名前も知らない船員を、イスハークは拓深への使いに寄越すだろうか。

ついこの間まで、船員と話す事すら嫌がっていたイスハークが。

そう考えが至ると、拓深は街灯も薄暗い路地で男と向き合ったままじりじりと後退さった。

「・・・」

街の賑わいも、光も届かない、低層の古びた建物に囲われた陰気くさい細い道の中。

この場所は、似ている。

暴力と暴行と、犯罪すら横行するあの町、拓深が生まれ育った場所に。

「やっぱり、僕戻る。ジーノか誰かと一緒にもう一回来る」

「おいおい。デートに他の男連れで行く気か?」

「でも・・・。その時は、ジーノに帰ってもらう。

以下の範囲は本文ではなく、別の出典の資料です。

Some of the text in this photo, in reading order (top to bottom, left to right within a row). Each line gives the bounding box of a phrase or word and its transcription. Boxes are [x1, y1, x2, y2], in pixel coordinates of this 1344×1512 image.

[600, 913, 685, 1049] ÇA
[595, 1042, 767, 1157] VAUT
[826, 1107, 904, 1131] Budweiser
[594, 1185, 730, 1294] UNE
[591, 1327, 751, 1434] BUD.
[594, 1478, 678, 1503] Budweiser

だから、とにかく僕・・・」

「ンな事したら船長にもジーノにも迷惑だぞ?それぐらい解るだろ?」

「・・・そんな事、思わないよ」

文句の一つや二つは、イスハークもジーノも口にするかもしれない。

迷惑に感じもするかも知れないが、けれど事情を話せば、拓深の拙い言葉でもそれを伝えようとすれば、二人とも解ってくれると信じられる。

だが、それすらわからないこの男は、信用に値しないと拓深の中で判断された。

「何心配してんだ?船長は直ぐそこだぞ?」

言いながら男は大股で近づくと、拓深がどうするよりも早くニヤニヤと笑いながらその腕を掴んだ。

「やめっ・・離して・・・」

「怖がるなって」

男の信用有無だけではなく、何かがおかしいという疑惑が確信に変わった。

ジーノ以外の船員は、たとえ副船長ガノンであったとしても決して拓深に触れてなどこない。

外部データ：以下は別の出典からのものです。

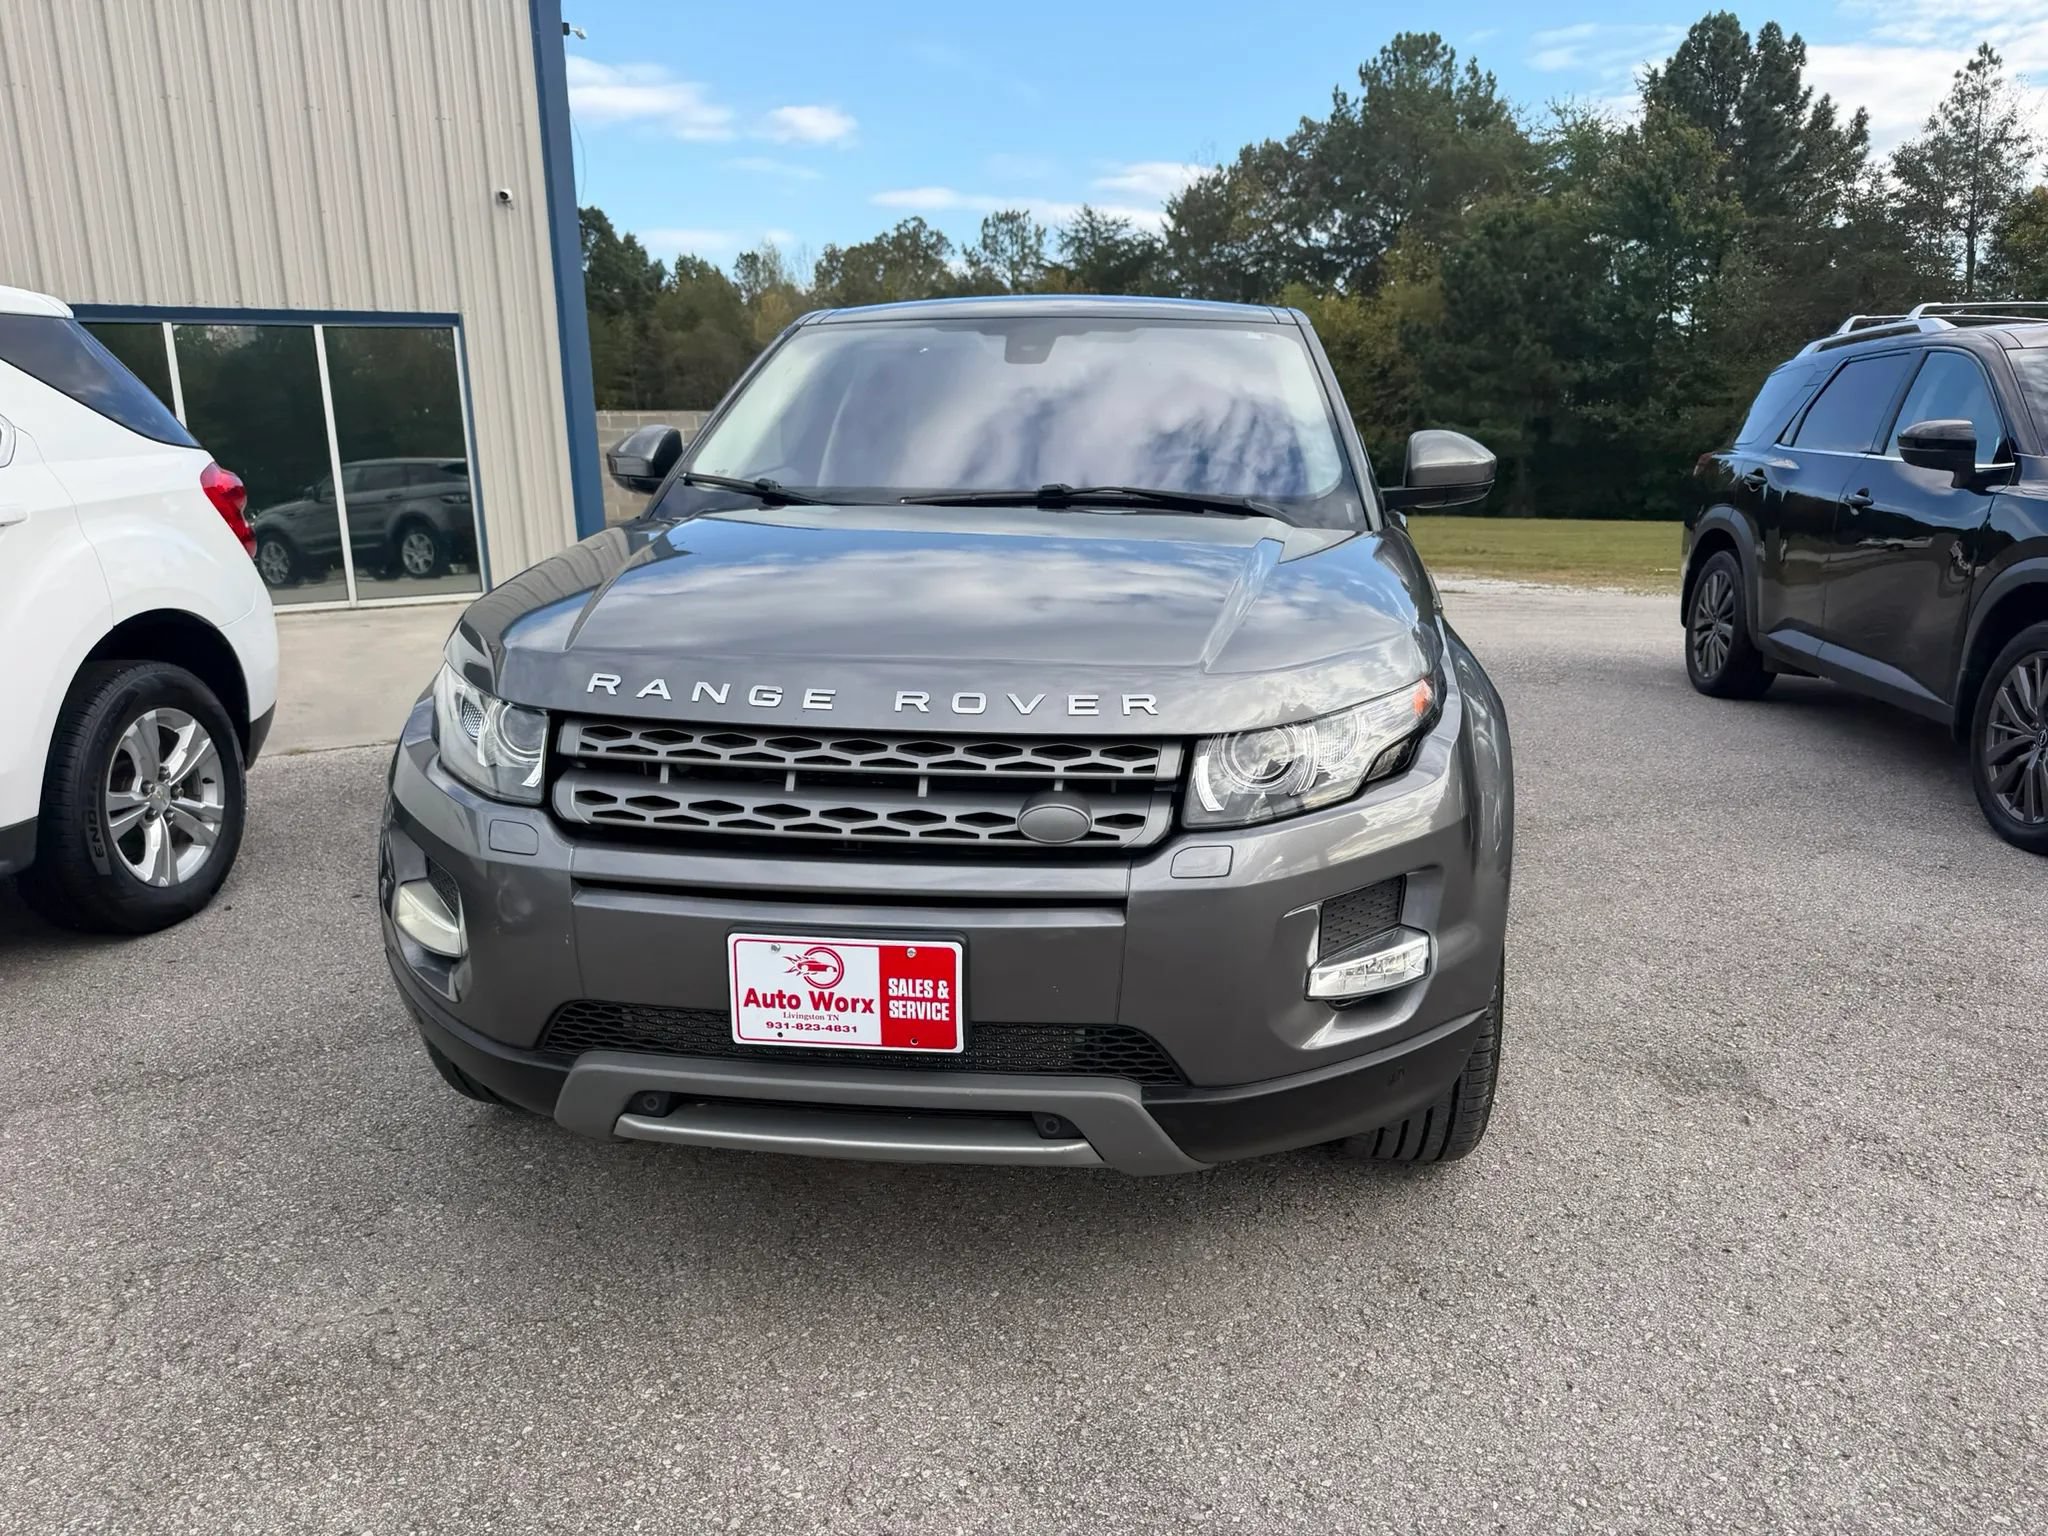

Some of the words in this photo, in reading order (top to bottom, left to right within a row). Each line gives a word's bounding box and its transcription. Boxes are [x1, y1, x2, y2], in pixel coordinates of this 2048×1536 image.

[587, 672, 836, 710] RANGE
[894, 691, 1159, 716] ROVER
[888, 978, 934, 998] SALES
[937, 980, 949, 999] &
[743, 988, 801, 1010] Auto
[808, 991, 874, 1014] Worx
[888, 1000, 950, 1021] SERVICE
[765, 1021, 858, 1033] 931-823-4831
[783, 1011, 825, 1022] Livingston
[827, 1014, 840, 1022] TN
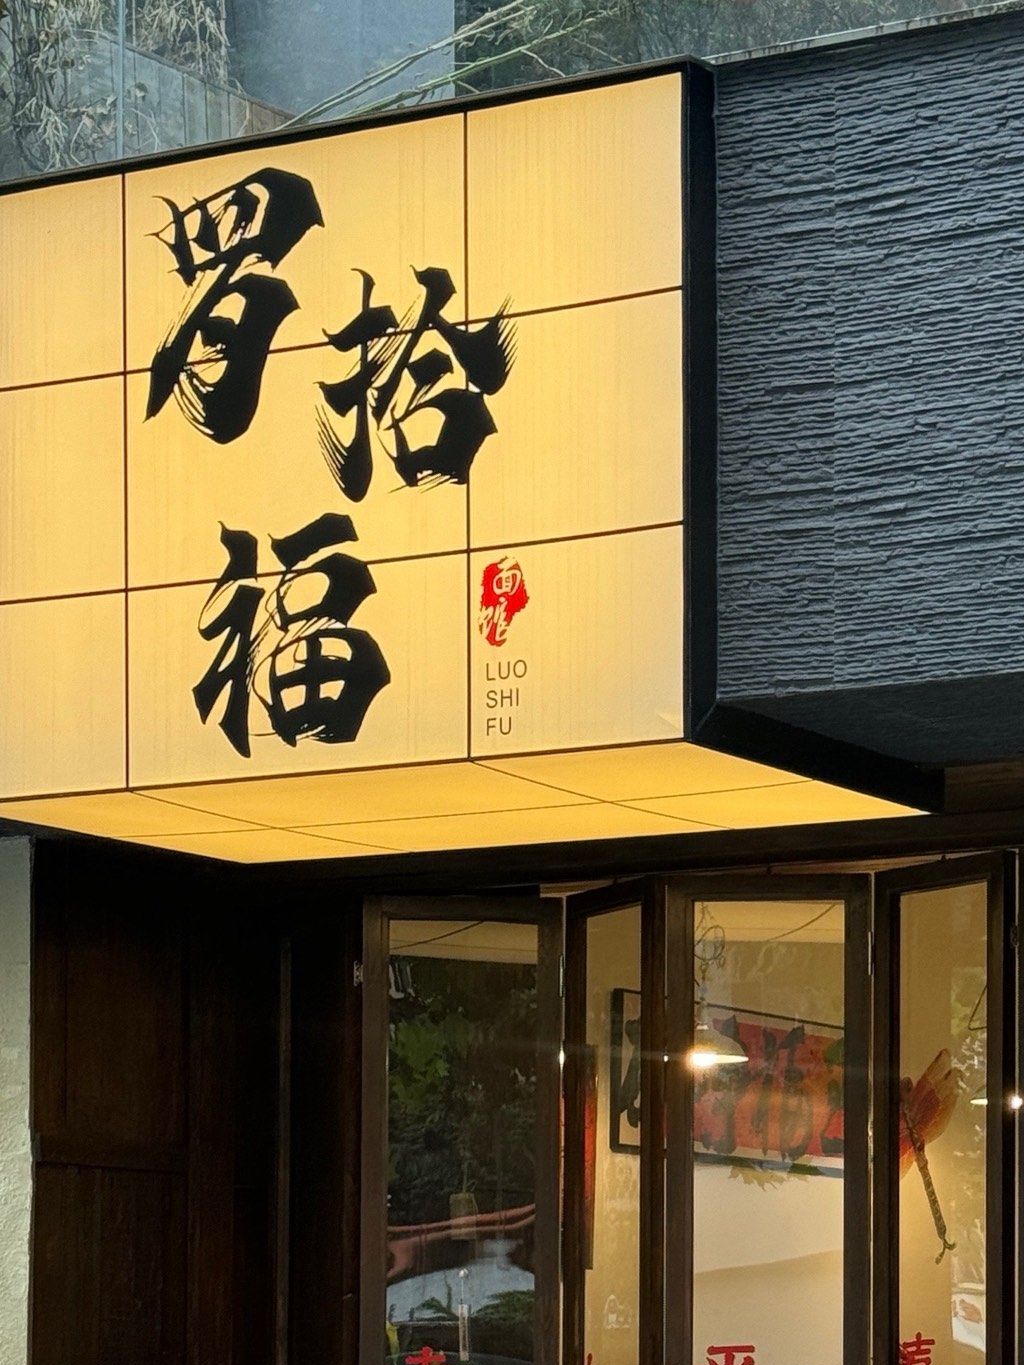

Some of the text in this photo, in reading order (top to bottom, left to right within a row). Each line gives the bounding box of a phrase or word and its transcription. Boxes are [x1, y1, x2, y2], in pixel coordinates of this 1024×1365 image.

[486, 659, 528, 682] LUO
[486, 688, 520, 709] SHI
[486, 716, 512, 737] FU

それはイスハークが恐ろしい瞳を光らせているからで、彼が見ていないからといって拓深の背を叩いたり肩を組んだりとしてくるのは、拓深を大海原から拾い上げた張本人で命知らずのジーノだけだ。

拓深に触れるとイスハークが激昂する。

バリアーカの船員全てが知っているその事実を無視したこの男に、恐怖を感じた。

「離して・・・離しっ・・・」

「調子にのってんじゃねぇぞ、餓鬼。高々情夫のくせに、デカい顔してんじゃねぇよ」

「っぅ・・・」

男は掴んでいた拓深の腕をきつく締めそして捻り上げる。

一見して腕の太さが倍程も違う男にそうされるものだから、拓深は息を呑み眉を潜めた。

この程度なんて事はない。

痛感はあるので痛いには違いないが耐えるに値するものだ。

逃れたい、イスハークの元へ戻りたい。

男の腕を振り切って逃げたかったけれど、拓深の中に根深く植え付けられたモラリズムが、抵抗を辞めさせた。

逆らえばもっと痛めつけられる。

今は耐えられたとしてもそのうち耐え難い苦痛に変わり、それでも止めてもらえない自体に追いやられるだろう。

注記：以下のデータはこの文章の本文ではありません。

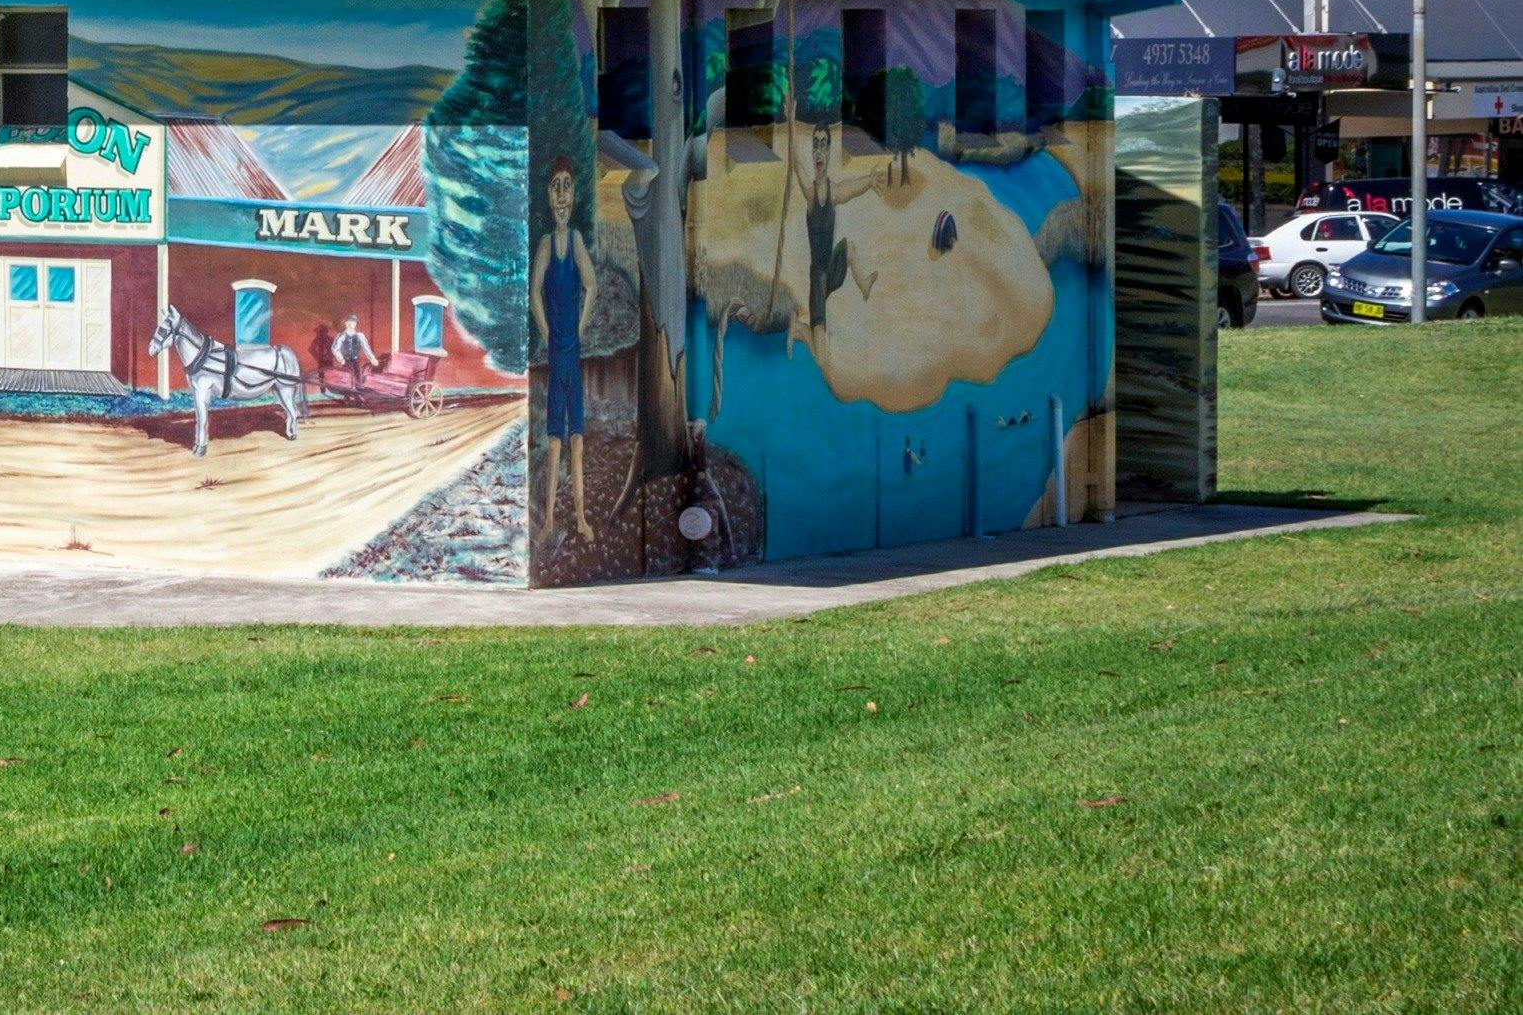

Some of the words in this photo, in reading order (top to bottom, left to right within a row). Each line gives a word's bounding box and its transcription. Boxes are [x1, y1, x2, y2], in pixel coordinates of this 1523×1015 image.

[1143, 44, 1175, 65] 4937
[1178, 44, 1210, 65] 5348
[1317, 44, 1364, 71] mode
[1347, 198, 1361, 211] a
[1366, 194, 1389, 211] la
[258, 208, 412, 246] MARK

自分がこの男から、自分を抑する相手から逃げ切れる筈などない。

平穏な生活で忘れてしまっていた過去がフラッシュバックし、拓深は力なく顎を引いた。

「来い。騒ぐんじゃねぇぞ」

この先にはイスハークは居ない。

そう解っているというのに、拓深はついて行く道しか選べなかった。

暗がりの細い路地を抜ける。

そこは港となっていたが拓深が上陸した場所ではなく、船はあったもののバリアーカ・クイーン号ではない。

似たような外観・大きさの帆船だ。

そして船の周りには見たことの無い、けれどやはり拓深の腕を掴んでいる男と同様に屈強そうな男達が立っており、その装いから彼らも海賊であるとなんとなく察せられた。

「約束通り連れてきたぜ。船長に会わせてくれ」

「これがそれか?」

「おぉ。確かに女みてぇだ。これだったら俺も喰えるぞ」

「お前は喰われる方が良いんじゃねぇのか?」

下卑た笑い声が漆黒の海に吸い込まれる。

星もつきも瞬かない闇の下、船から灯される僅かな明かりが全てであった。

「乗れっ」

「っぅ・・・」

『何かあったら言え』『危険が起こったら助けを呼べ』、そう毎日しつこいくらいに言われていたというのに。

けれど心の大半を占める諦めた感情から、拓深は何一つ口にする事は出来なかったのであった。